Rajat Gupta: From lofty board room to lowly jail cell

Gupta was also appointed as special advisor on management reform to then UN Secretary-General Kofi Annan.

New York: From being born into a middle-class family in Kolkata to reaching the stellar heights of the highly competitive world of Corporate America, the story of Indian American Rajat Gupta is nothing short of legendary.

With a career graph that could make the best burn with envy, Gupta, who boasts of posts like head of consultancy giant McKinsey, board seats at Goldman Sachs and Procter and Gamble and special adviser to the United Nations, among other things, has done what not many could have done in his 63 years of life.

A US court held Gupta guilty of providing insider information to Galleon hedge fund founder and friend Raj Rajaratnam, in one of America's biggest insider trading cases.

Born in Maniktala in Kolkata, son of a freedom fighter- turned-journalist father and a school teacher mother, Gupta was orphaned at the age of 18.

Ranking 15 in the IIT entrance exam of 1966, Gupta was admitted to IIT Delhi on a scholarship from where he did his B-Tech in Mechanical Engineering.

He then came to the United States for a graduate degree and finished top of his class at the prestigious Harvard Business School where he studied on a scholarship.

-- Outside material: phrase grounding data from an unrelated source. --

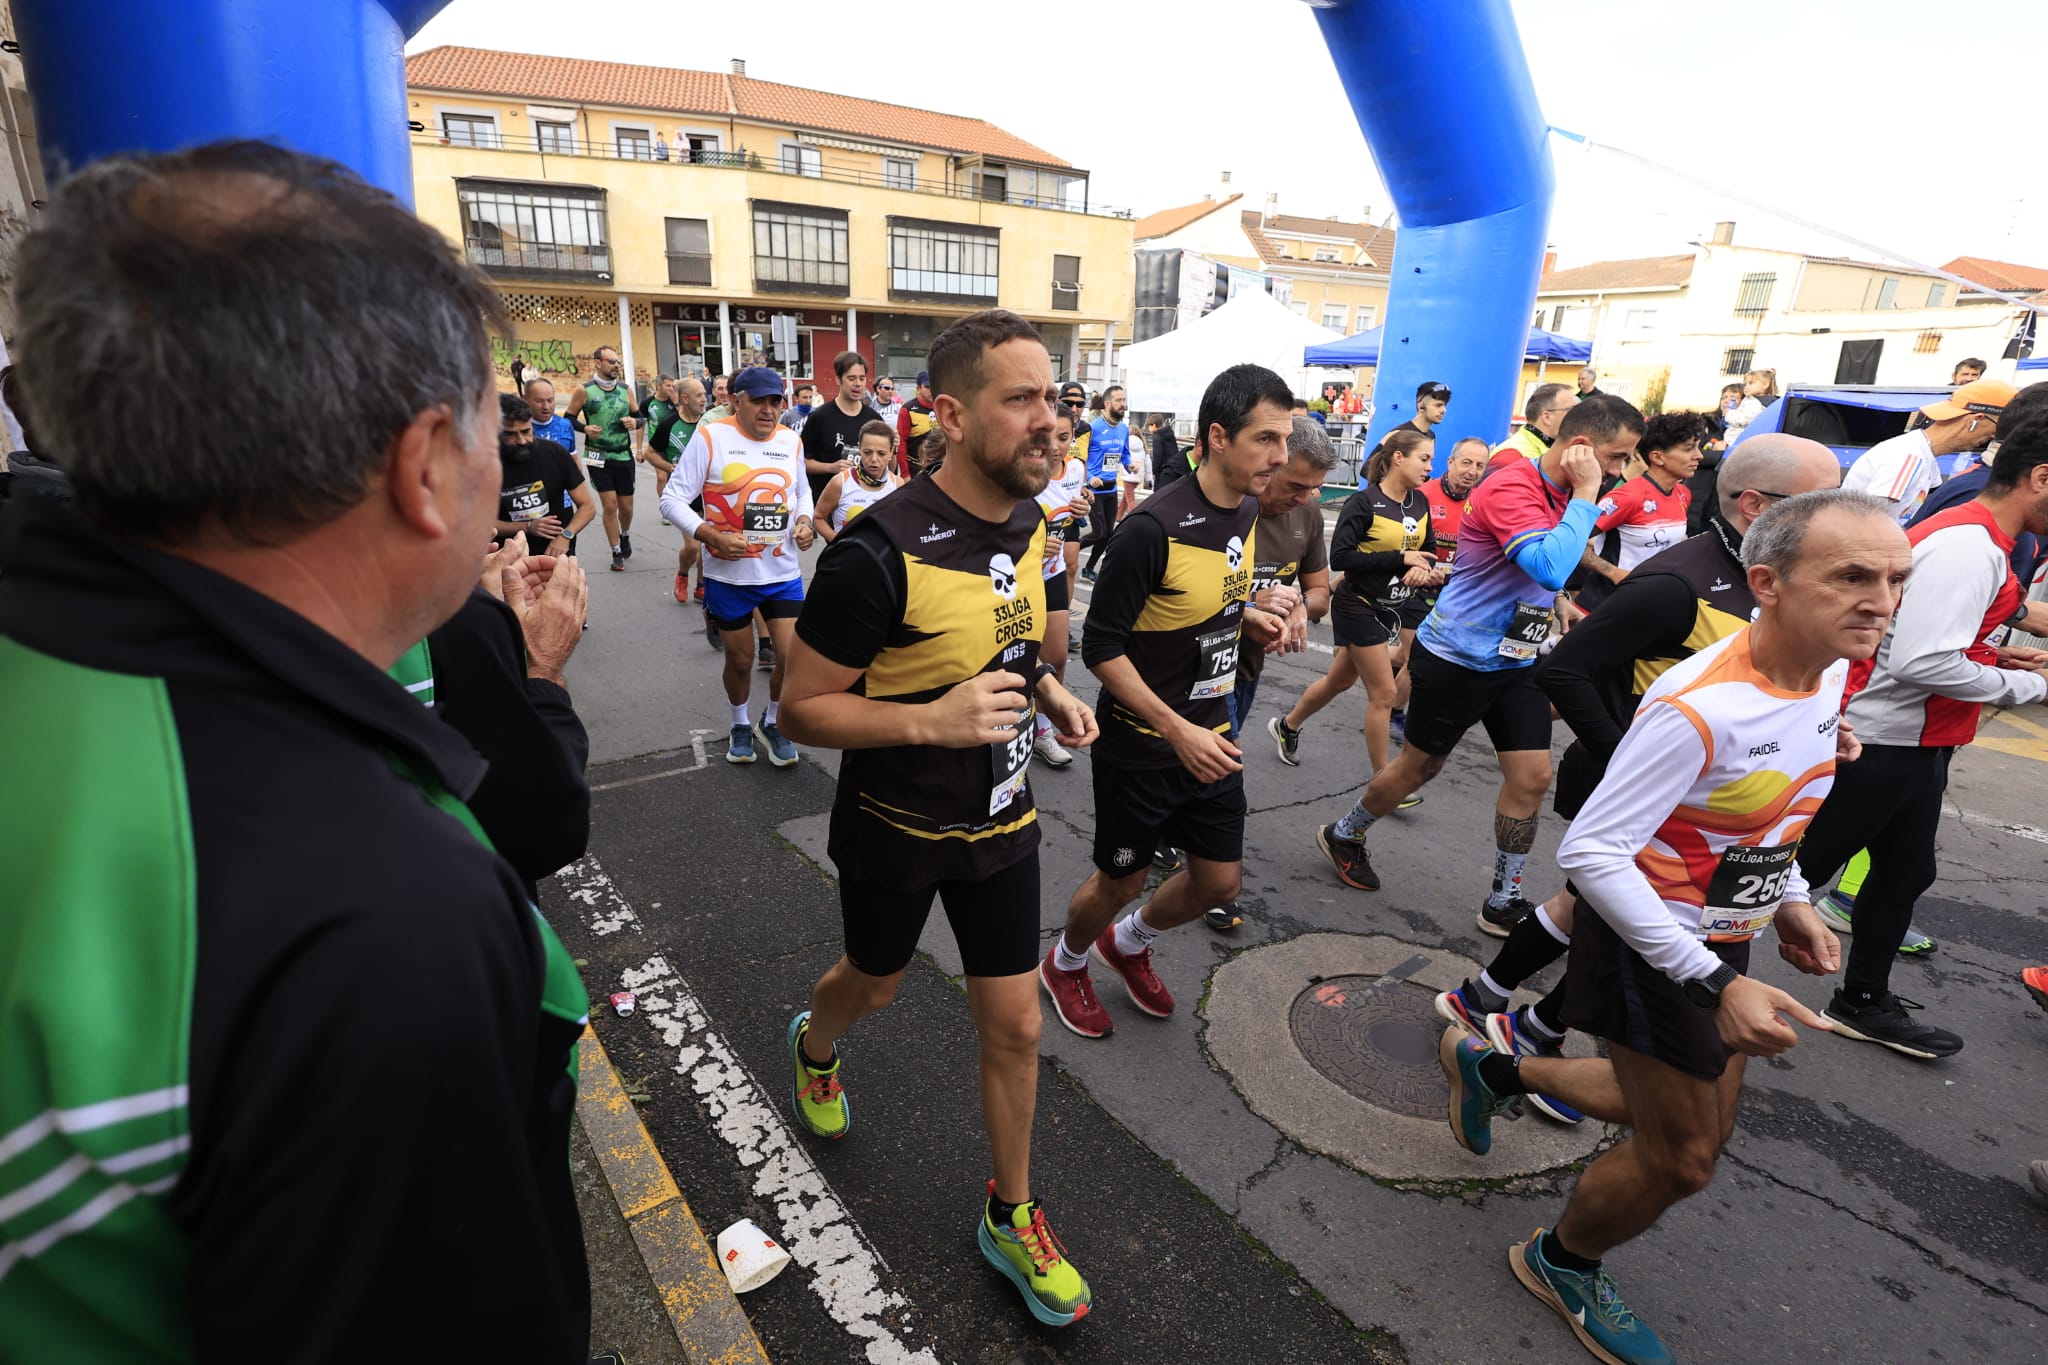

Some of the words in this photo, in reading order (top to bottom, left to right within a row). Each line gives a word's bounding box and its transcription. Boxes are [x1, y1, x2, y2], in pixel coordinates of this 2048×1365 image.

[588, 451, 600, 460] 101
[512, 493, 541, 510] 435
[753, 515, 782, 530] 253
[1222, 583, 1248, 603] CROSS
[995, 617, 1033, 644] CROSS
[1521, 622, 1548, 642] 412
[1002, 644, 1019, 664] AVS
[1211, 644, 1239, 675] 754
[1007, 720, 1035, 772] 333
[1748, 741, 1781, 759] FAIDEL
[1726, 852, 1741, 862] 33
[1741, 854, 1763, 864] LIGA
[1732, 867, 1791, 904] 256
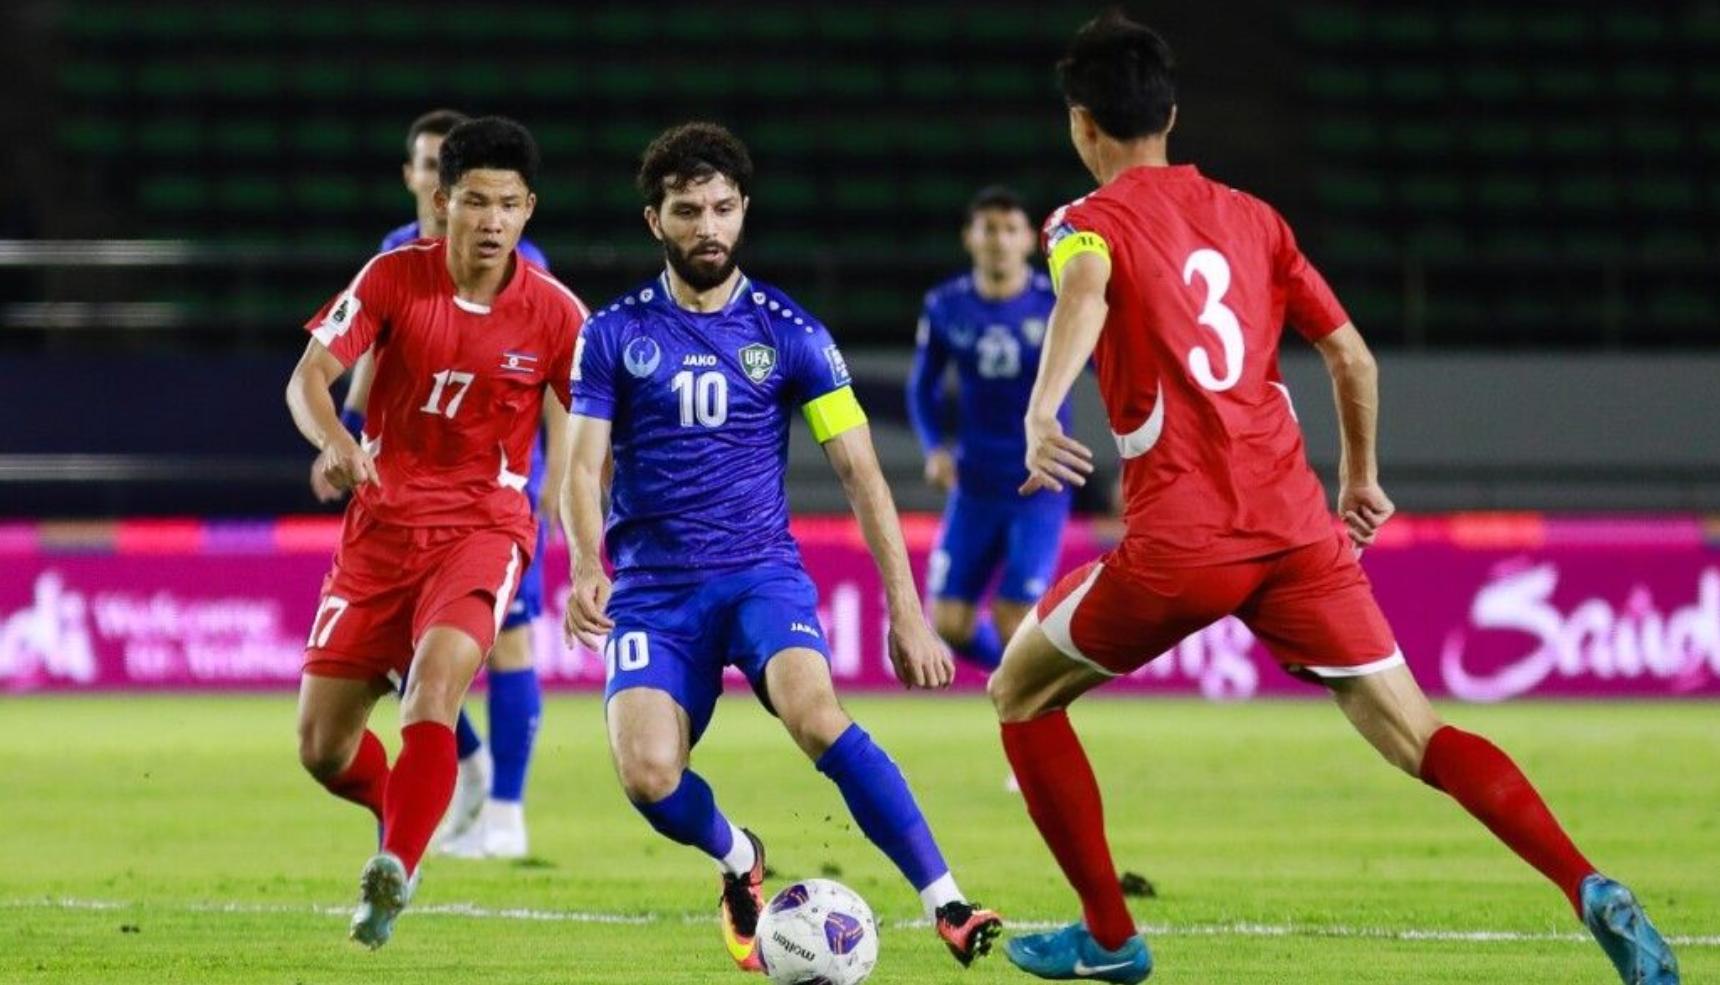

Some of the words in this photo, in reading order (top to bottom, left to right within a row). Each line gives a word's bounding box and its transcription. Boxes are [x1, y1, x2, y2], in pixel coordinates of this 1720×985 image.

[1183, 249, 1245, 391] 3
[683, 354, 717, 366] JAKO
[745, 350, 770, 365] UFA
[420, 369, 475, 419] 17
[671, 371, 727, 428] 10
[773, 931, 816, 961] molten
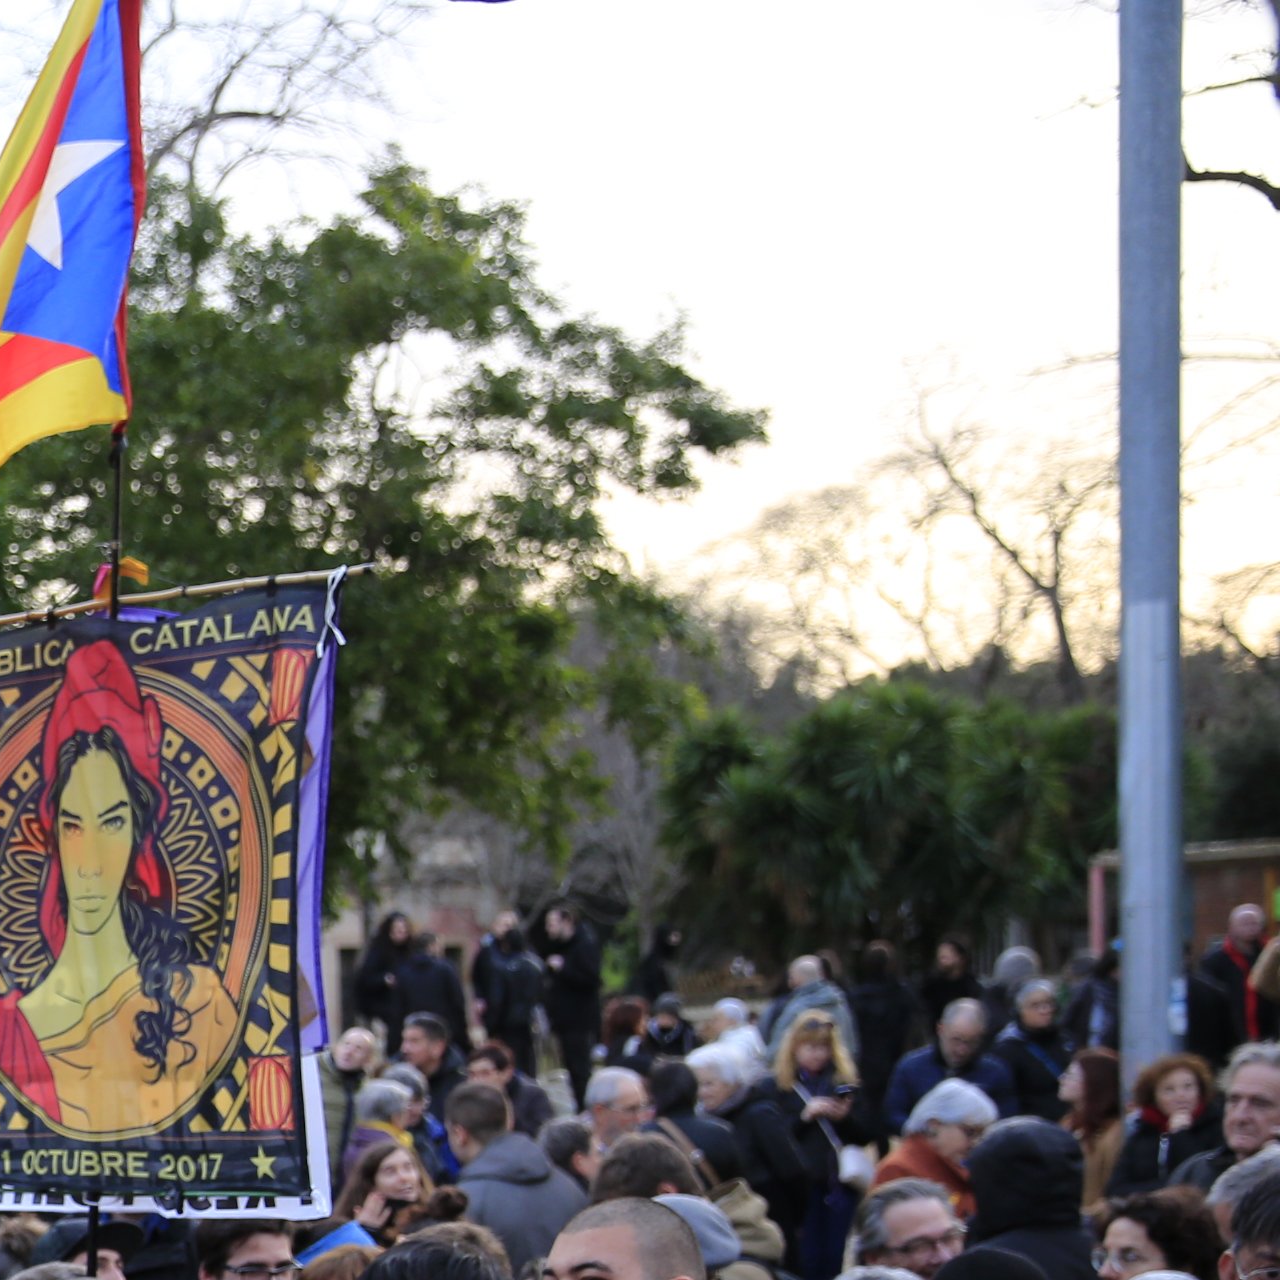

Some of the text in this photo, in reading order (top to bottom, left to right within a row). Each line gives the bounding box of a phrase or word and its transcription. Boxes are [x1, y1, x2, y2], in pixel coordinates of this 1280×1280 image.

[129, 604, 316, 655] CATALANA
[0, 1148, 224, 1182] 1 OCTUBRE 2017
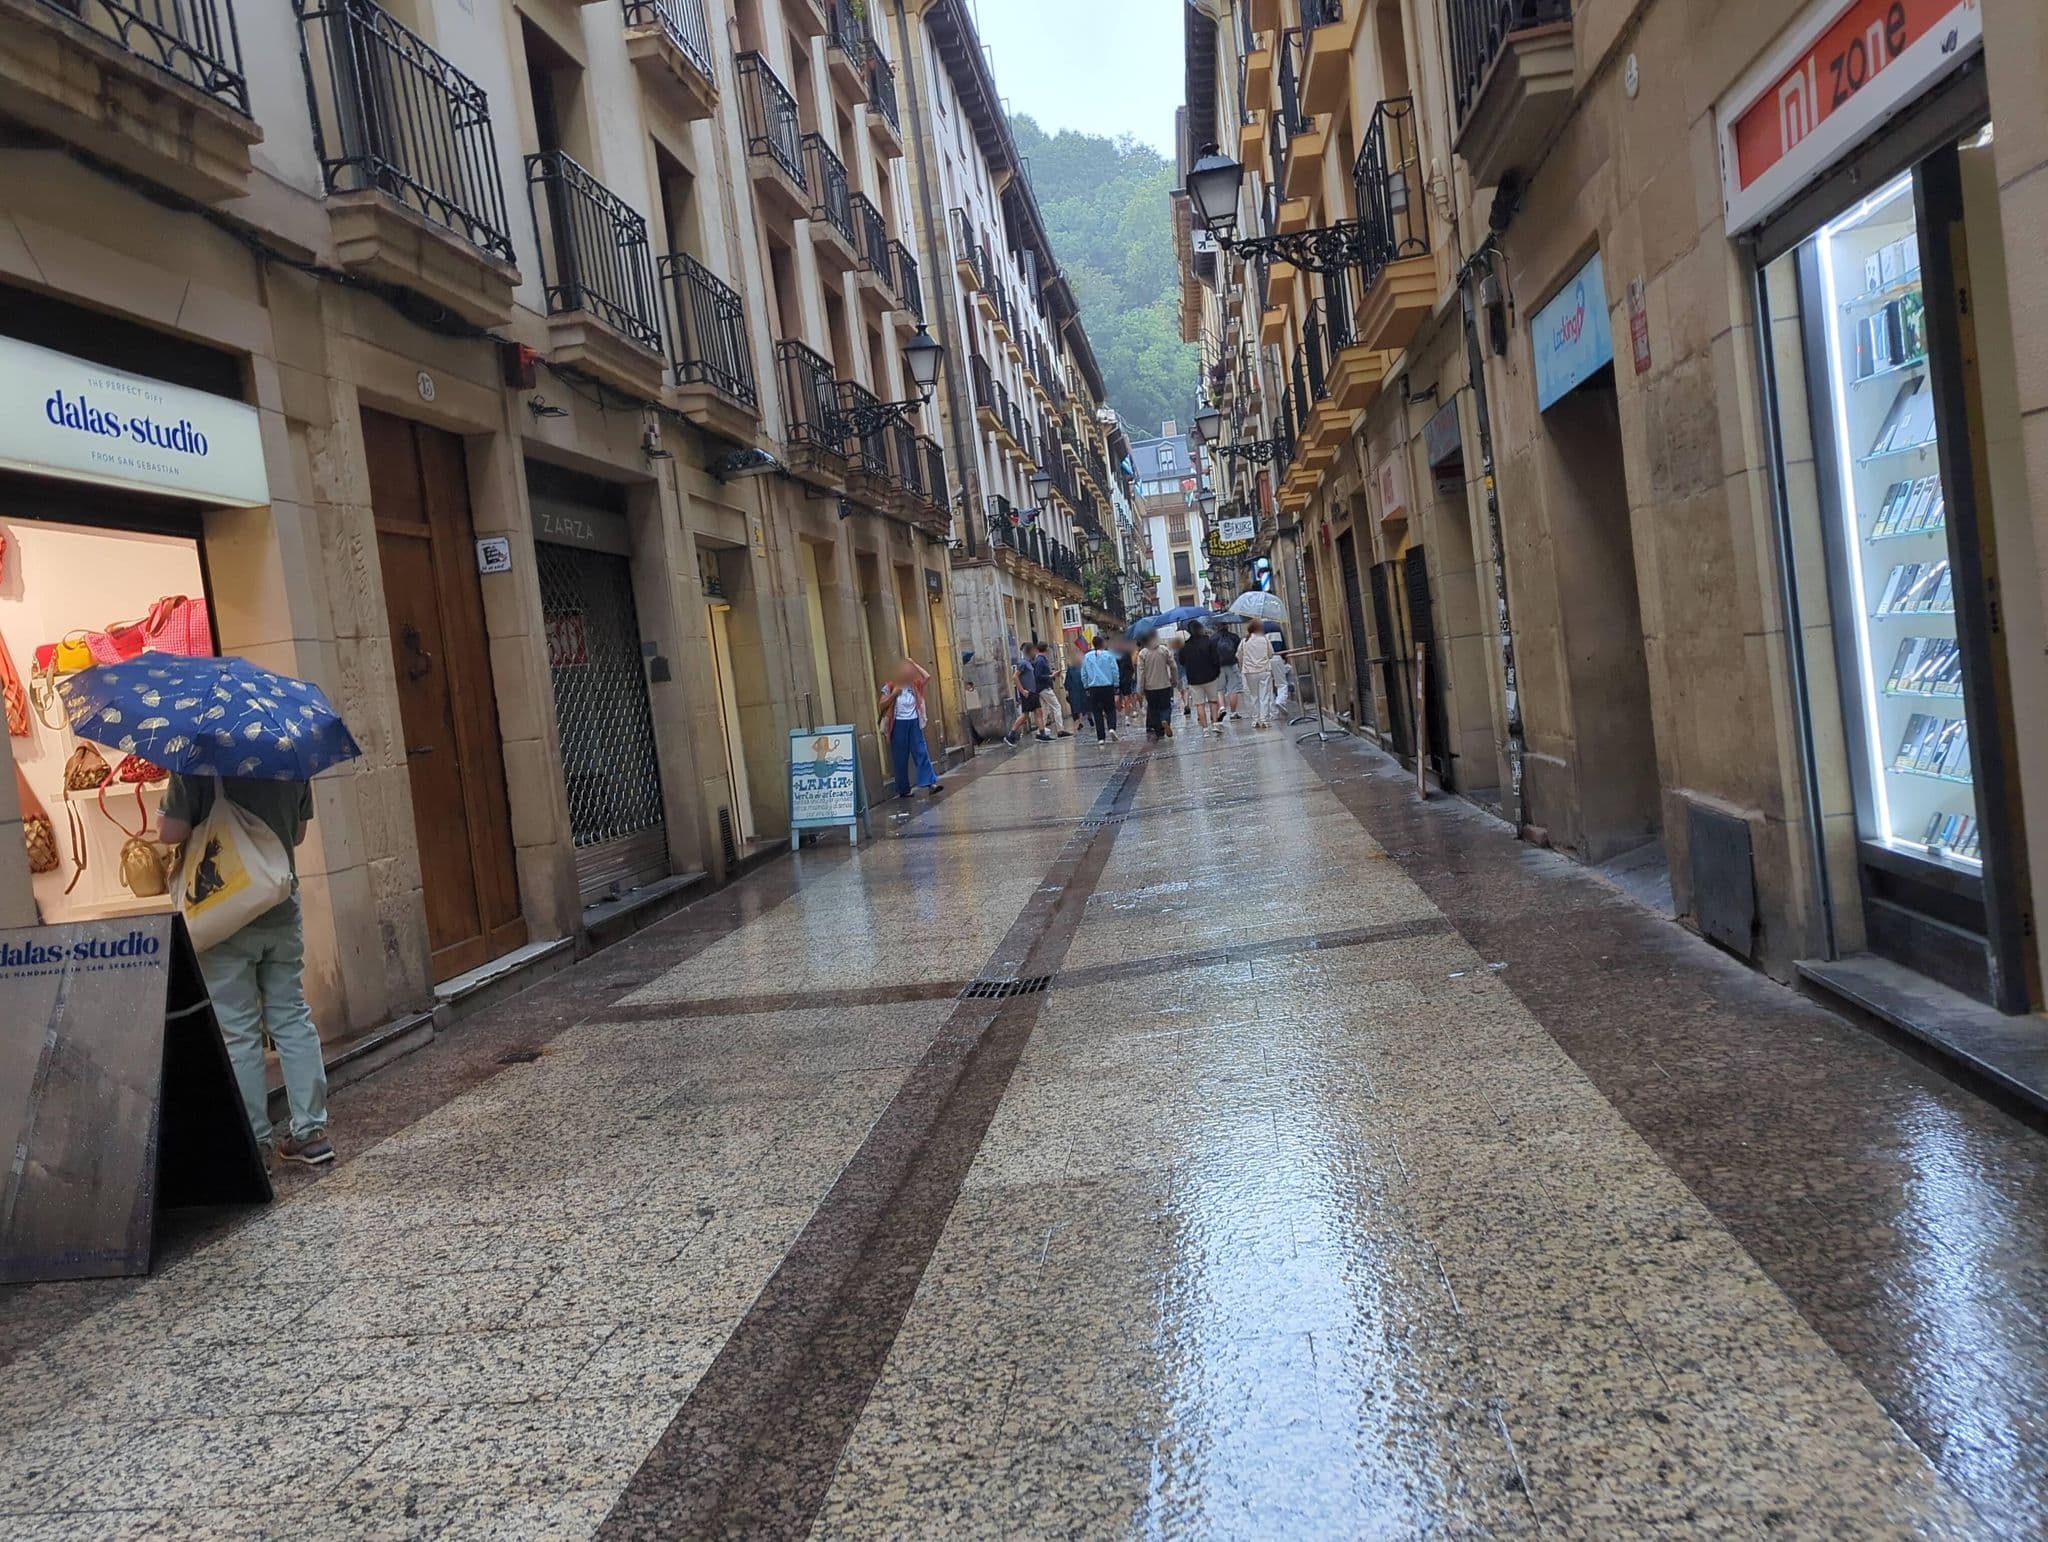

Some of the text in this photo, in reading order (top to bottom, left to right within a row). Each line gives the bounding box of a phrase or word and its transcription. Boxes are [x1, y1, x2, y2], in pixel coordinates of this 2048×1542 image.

He landed a job at consulting giant McKinsey and quickly rose through the ranks.

In 1994, he was made the global head of the firm, the first non-American to hold that position.

Gupta's enviable resume boasted of job profiles as board members of some of the biggest US companies. After 10 years at McKinsey, Gupta joined the boards of many corporations and nonprofit organisations. In addition to Procter & Gamble and Goldman, he was a director of the AMR Corporation, the parent company of American Airlines.

The Rockefeller Foundation appointed him a trustee; he was named an adviser to the former US President Bill Clinton and Bill Gates, Co-founder and Chairman of Microsoft, on their global health initiatives. He is also the co-founder of the Indian School of Business in Hyderabad.

Gupta was also appointed as special advisor on management reform to then UN Secretary-General Kofi Annan.

He additionally served on the UN Commission on the Private Sector and Development and was co-chairman of the United Nations Association of America.

While there are quite a few persons of Indian origin who have successfully handled leadership positions at one or another large global company, Gupta figures among the very few who have occupied corner offices of various such entities.

He is hailed as a poster-boy of Indians scaling great heights in corporate echelons abroad and his friends describe him as a God-fearing, "first-class guy".

But then the climate changed and Gupta found himself in the thick of an insider trading case.

Gupta's undoing began when his billionaire friend Raj Rajaratnam, a Sri Lankan, was charged by federal prosecutors of running of one of the biggest insider trading scams in US history.

Gupta met Galleon hedge fund founder Rajaratnam through another Indian-American McKinsey partner Anil Kumar.

Rajaratnam had made an anonymous contribution of a million dollars to the Indian School of Business, Hyderabad, which Gupta had co-founded with Kumar.
Together, they helped start New Silk Route Partners, a private equity firm focused on investments in India.

The two became friends and occasionally had lunch together, eating Indian takeout in Rajaratnam's office in Manhattan.

Rajaratnam is currently serving an 11-year prison sentence for making millions of dollars in profits and avoiding large scale losses thanks to confidential information he received.

The US Securities and Exchange Commission filed an administrative civil complaint against Gupta in March last year for insider trading.

Gupta "vigorously denied the SEC accusations" and instead filed a suit against the SEC saying that by bringing administrative charges him, the regulator is denying him the right to have a jury trial.

SEC later dropped the complaint. However, the day federal prosecutors formally brought charges against him in October, the SEC filed fresh insider trading charges against him.

Gupta was convicted on three counts of securities fraud and one count of conspiracy for passing along confidential boardroom information about Goldman and Proctor & Gamble companies to the hedge fund that earned millions of dollars trading on his tips.

He was acquitted of two counts of securities fraud. He was found guilty for information about the USD 5 billion investment by Warren Buffett's Berkshire Hathaway Inc,and of proving information to Rajaratnam on October 24, 2008 about Goldman stock.

Leading the government's charge against Gupta was fellow Indian-American, Manhattan US Attorney Preet Bharara, who has led a widespread crackdown on insider trading on Wall Street and had other successes in prosecuting several international terrorists, including Times Square bomber Faisal Shazad.

Gupta's wife and four daughters have regularly attended the trial, sitting right behind him in the spectators' benches in judge Jed Rakoff's courtroom.